━━━━━ Records for the exercise

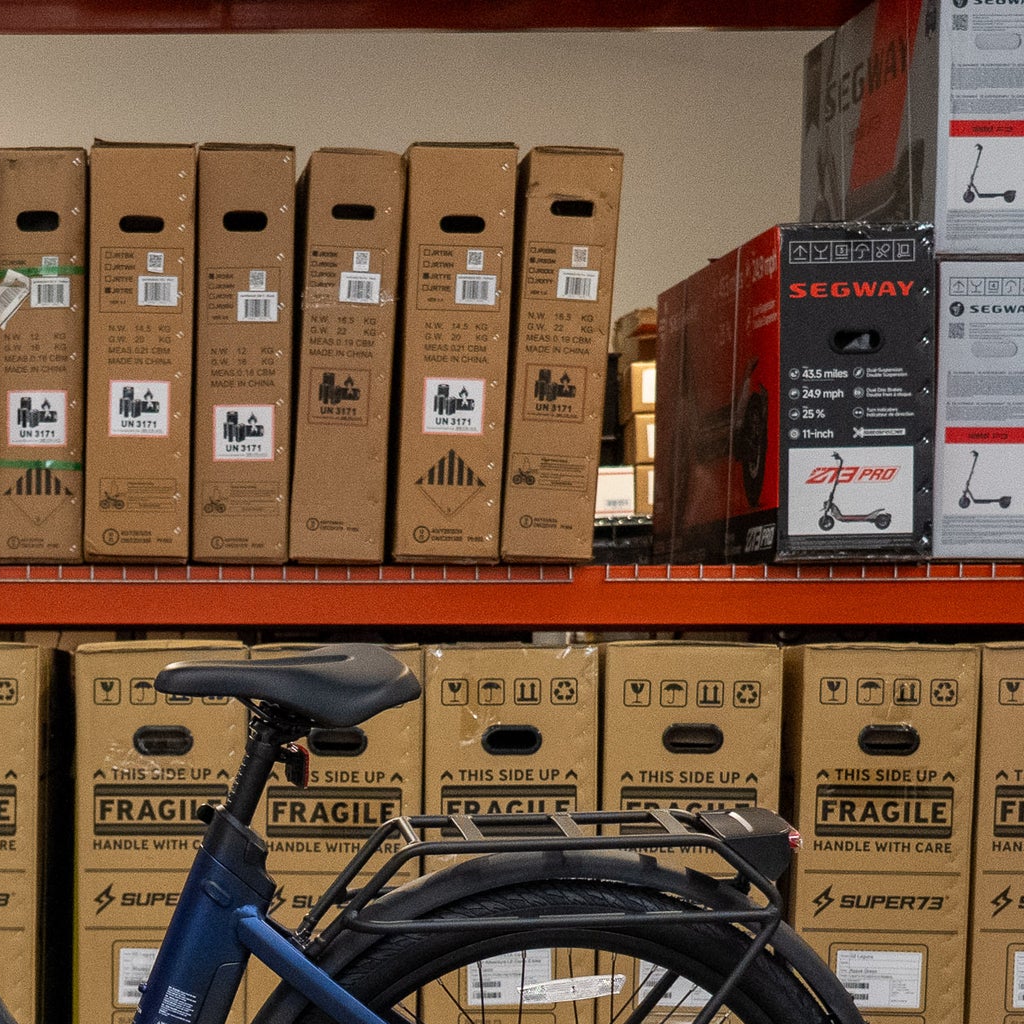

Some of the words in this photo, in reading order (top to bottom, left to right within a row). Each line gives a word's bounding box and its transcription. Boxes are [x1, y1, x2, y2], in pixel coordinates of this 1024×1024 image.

[789, 281, 914, 298] SEGWAY
[363, 317, 376, 325] KG
[364, 328, 376, 336] KG
[581, 326, 593, 334] KG
[158, 336, 171, 344] KG
[476, 334, 488, 342] KG
[552, 346, 561, 354] IN
[563, 347, 590, 355] CHINA
[145, 358, 172, 366] CHINA
[802, 369, 822, 378] 43.5
[824, 368, 848, 378] miles
[248, 380, 275, 388] CHINA
[802, 389, 822, 398] 24.9
[823, 388, 844, 400] mph
[320, 406, 334, 415] UN
[336, 407, 357, 416] 3171
[536, 404, 550, 412] UN
[551, 404, 572, 413] 3171
[802, 410, 814, 418] 25
[816, 409, 826, 418] %
[121, 420, 134, 428] UN
[136, 420, 157, 428] 3171
[435, 417, 449, 426] UN
[450, 418, 472, 426] 3171
[20, 430, 32, 438] UN
[34, 430, 56, 438] 3171
[802, 428, 834, 438] 11-inch
[241, 444, 262, 452] 3171
[860, 466, 898, 482] PRO
[111, 768, 146, 780] THIS
[150, 768, 185, 780] SIDE
[192, 768, 212, 780] UP
[326, 770, 360, 783] SIDE
[364, 770, 386, 784] UP
[459, 769, 494, 782] THIS
[499, 769, 534, 781] SIDE
[539, 768, 560, 781] UP
[639, 770, 674, 783] THIS
[680, 771, 714, 784] SIDE
[720, 772, 740, 784] UP
[834, 768, 870, 782] THIS
[876, 770, 912, 782] SIDE
[916, 770, 938, 782] UP
[100, 799, 222, 821] FRAGIL
[272, 802, 395, 824] FRAGILE
[820, 800, 947, 824] FRAGILE
[93, 840, 148, 850] HANDLE
[153, 840, 188, 850] WITH
[266, 842, 321, 853] HANDLE
[326, 843, 360, 854] WITH
[814, 840, 870, 852] HANDLE
[876, 842, 911, 853] WITH
[916, 842, 952, 854] CARE
[121, 892, 180, 906] SUPE
[840, 894, 944, 910] SUPER73
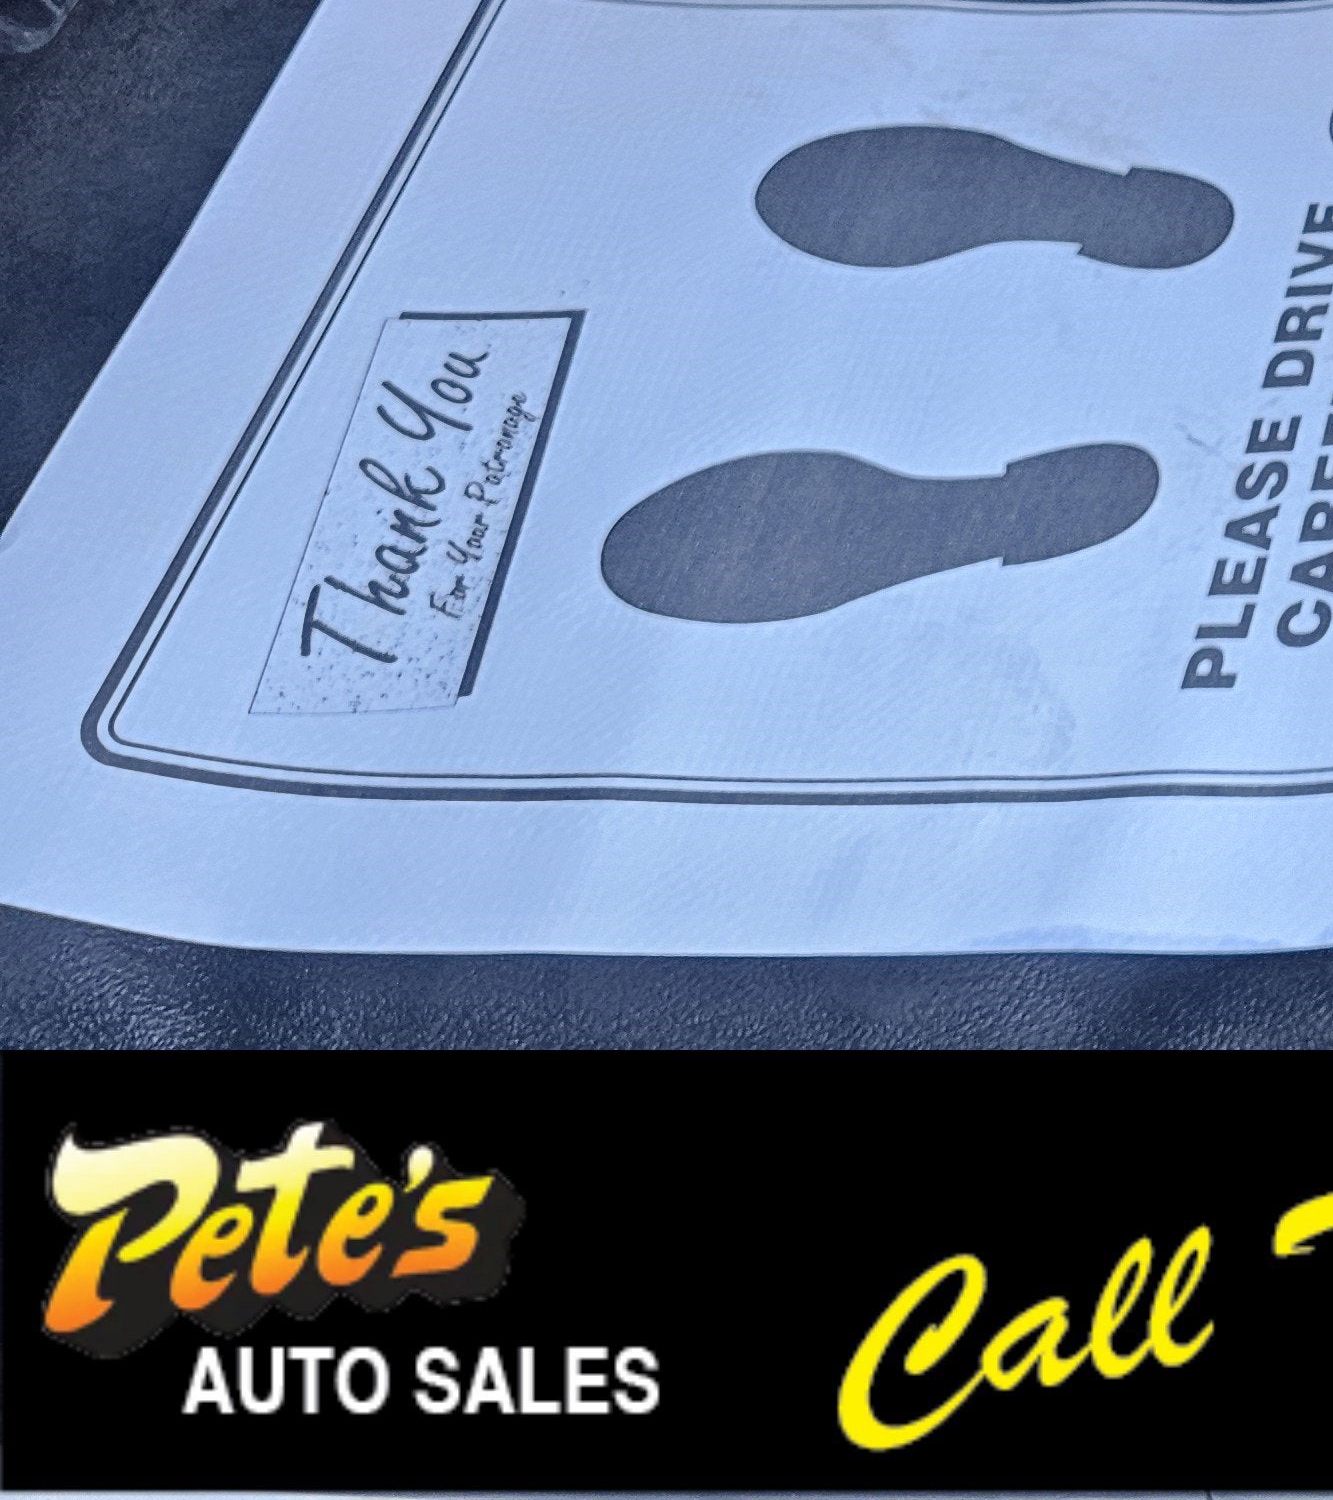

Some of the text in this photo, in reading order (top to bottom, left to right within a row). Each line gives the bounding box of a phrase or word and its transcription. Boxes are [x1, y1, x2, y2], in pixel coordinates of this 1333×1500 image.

[301, 348, 490, 663] Thank You
[1180, 416, 1302, 691] PLEASE
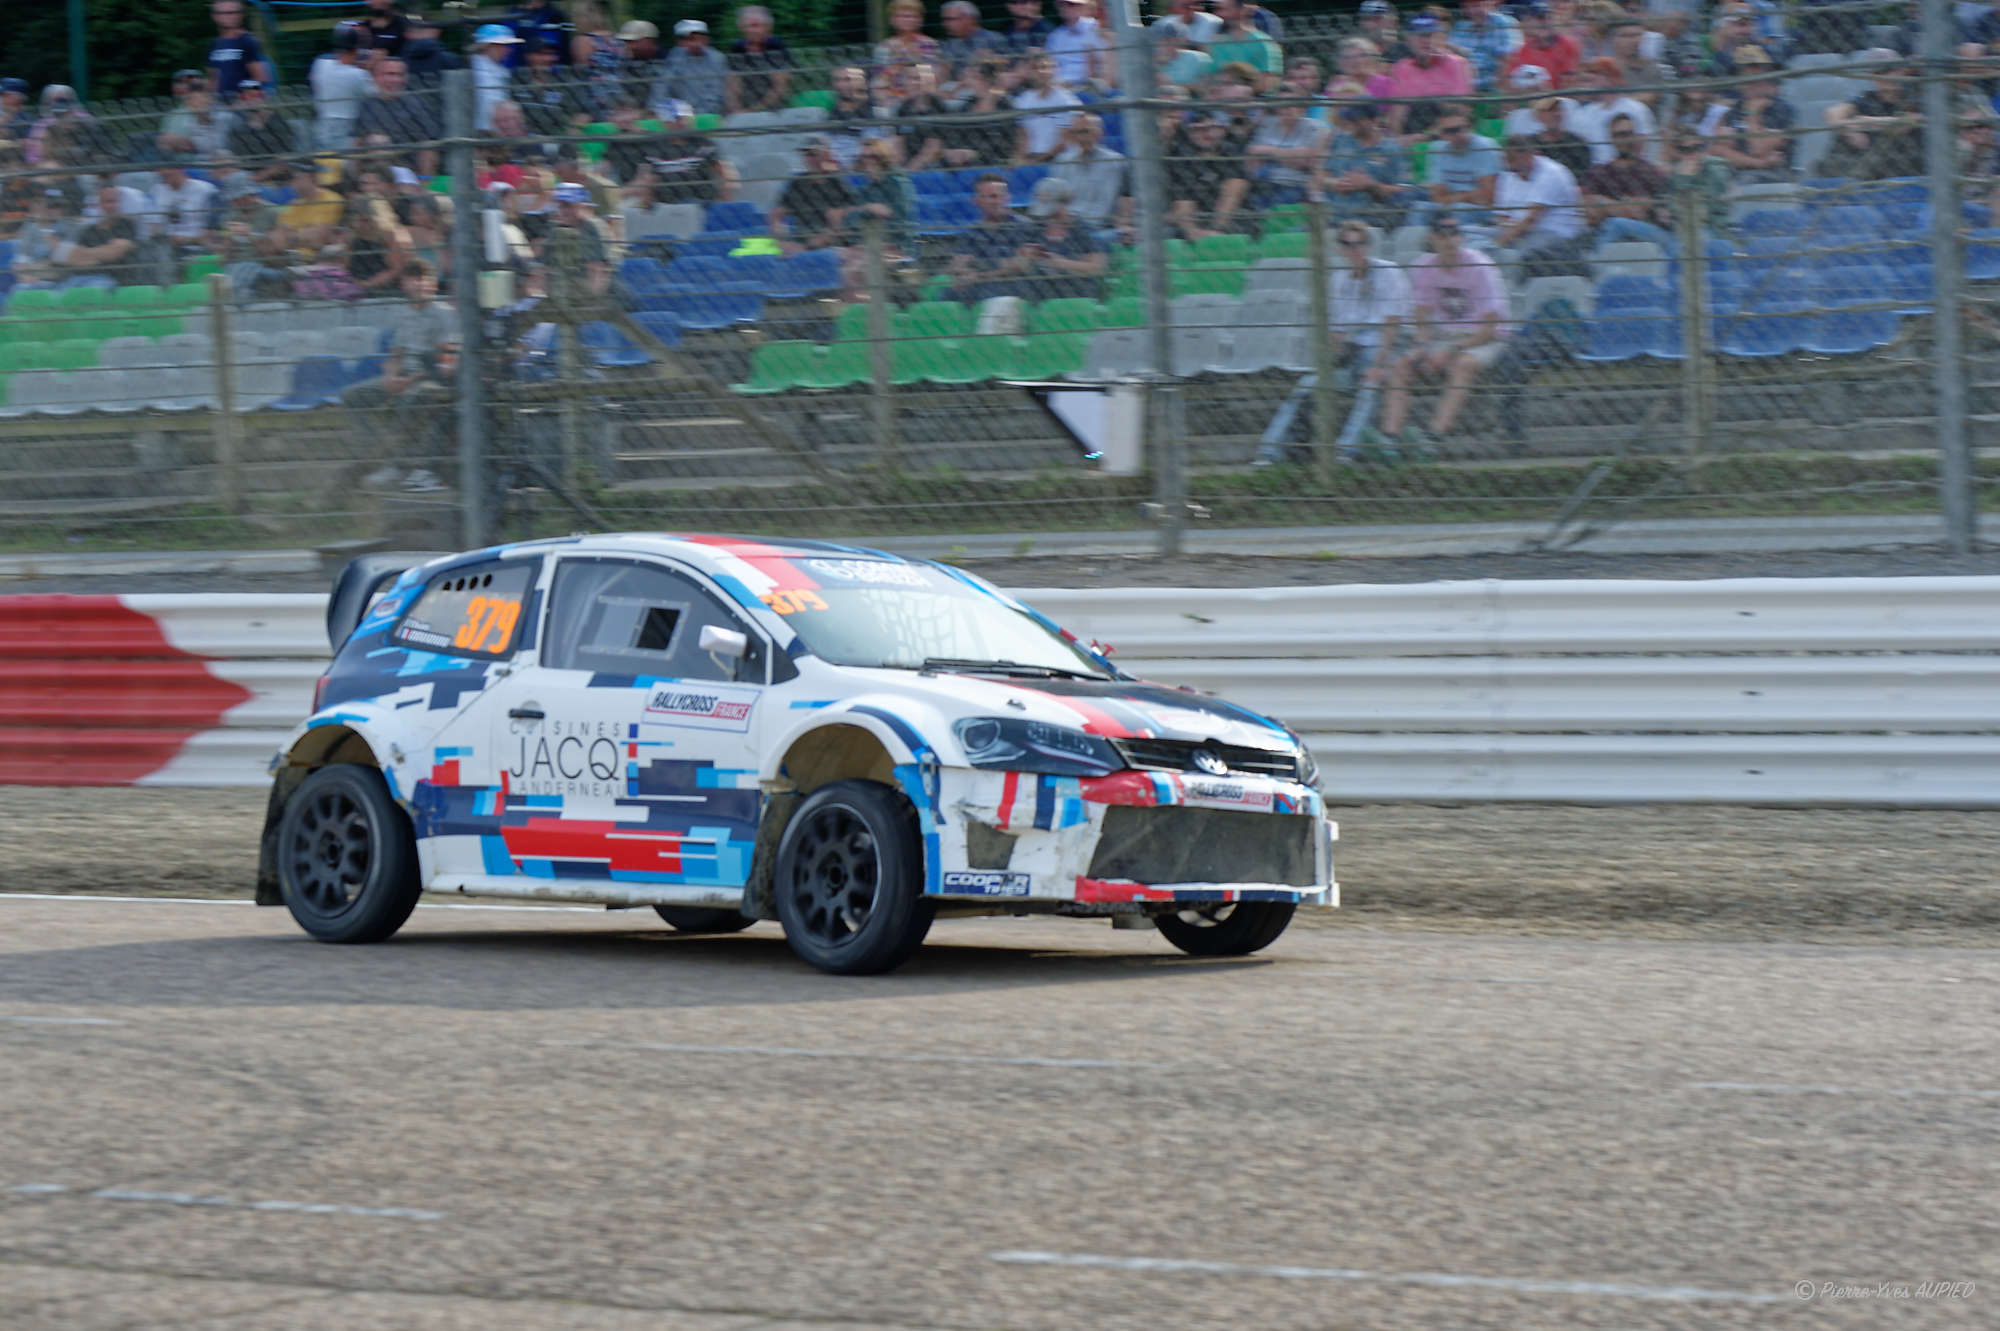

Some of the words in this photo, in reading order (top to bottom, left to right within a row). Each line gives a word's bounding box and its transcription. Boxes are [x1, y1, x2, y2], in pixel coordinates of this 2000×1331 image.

[760, 588, 829, 615] 379
[454, 595, 522, 654] 379
[651, 691, 719, 713] RALLYCROSS
[509, 736, 620, 781] JACQ

━━━━━━━━━━

## [Task]
Quote the listing above in full, except for the pictures.

## [Output below]
Some of the words in this photo, in reading order (top to bottom, left to right within a row). Each line gives a word's bounding box and its transcription. Boxes are [x1, y1, x2, y2], in pixel coordinates of this 1024×1024 image.

[789, 281, 914, 298] SEGWAY
[363, 317, 376, 325] KG
[364, 328, 376, 336] KG
[581, 326, 593, 334] KG
[158, 336, 171, 344] KG
[476, 334, 488, 342] KG
[552, 346, 561, 354] IN
[563, 347, 590, 355] CHINA
[145, 358, 172, 366] CHINA
[802, 369, 822, 378] 43.5
[824, 368, 848, 378] miles
[248, 380, 275, 388] CHINA
[802, 389, 822, 398] 24.9
[823, 388, 844, 400] mph
[320, 406, 334, 415] UN
[336, 407, 357, 416] 3171
[536, 404, 550, 412] UN
[551, 404, 572, 413] 3171
[802, 410, 814, 418] 25
[816, 409, 826, 418] %
[121, 420, 134, 428] UN
[136, 420, 157, 428] 3171
[435, 417, 449, 426] UN
[450, 418, 472, 426] 3171
[20, 430, 32, 438] UN
[34, 430, 56, 438] 3171
[802, 428, 834, 438] 11-inch
[241, 444, 262, 452] 3171
[860, 466, 898, 482] PRO
[111, 768, 146, 780] THIS
[150, 768, 185, 780] SIDE
[192, 768, 212, 780] UP
[326, 770, 360, 783] SIDE
[364, 770, 386, 784] UP
[459, 769, 494, 782] THIS
[499, 769, 534, 781] SIDE
[539, 768, 560, 781] UP
[639, 770, 674, 783] THIS
[680, 771, 714, 784] SIDE
[720, 772, 740, 784] UP
[834, 768, 870, 782] THIS
[876, 770, 912, 782] SIDE
[916, 770, 938, 782] UP
[100, 799, 222, 821] FRAGIL
[272, 802, 395, 824] FRAGILE
[820, 800, 947, 824] FRAGILE
[93, 840, 148, 850] HANDLE
[153, 840, 188, 850] WITH
[266, 842, 321, 853] HANDLE
[326, 843, 360, 854] WITH
[814, 840, 870, 852] HANDLE
[876, 842, 911, 853] WITH
[916, 842, 952, 854] CARE
[121, 892, 180, 906] SUPE
[840, 894, 944, 910] SUPER73

Some of the text in this photo, in reading order (top to bottom, left to right within a row). Each line gives the bounding box of a phrase or word and its transcription. Boxes are [x1, y1, x2, y2], in pixel coordinates of this 1333×1500 image.

[301, 348, 490, 663] Thank You
[1180, 416, 1302, 691] PLEASE

Some of the words in this photo, in reading order (top to bottom, left to right within a row). Each line gives a word's bounding box and its transcription. Boxes are [x1, y1, x2, y2], in pixel coordinates of this 2000×1331 image.

[760, 588, 829, 615] 379
[454, 595, 522, 654] 379
[651, 691, 719, 713] RALLYCROSS
[509, 736, 620, 781] JACQ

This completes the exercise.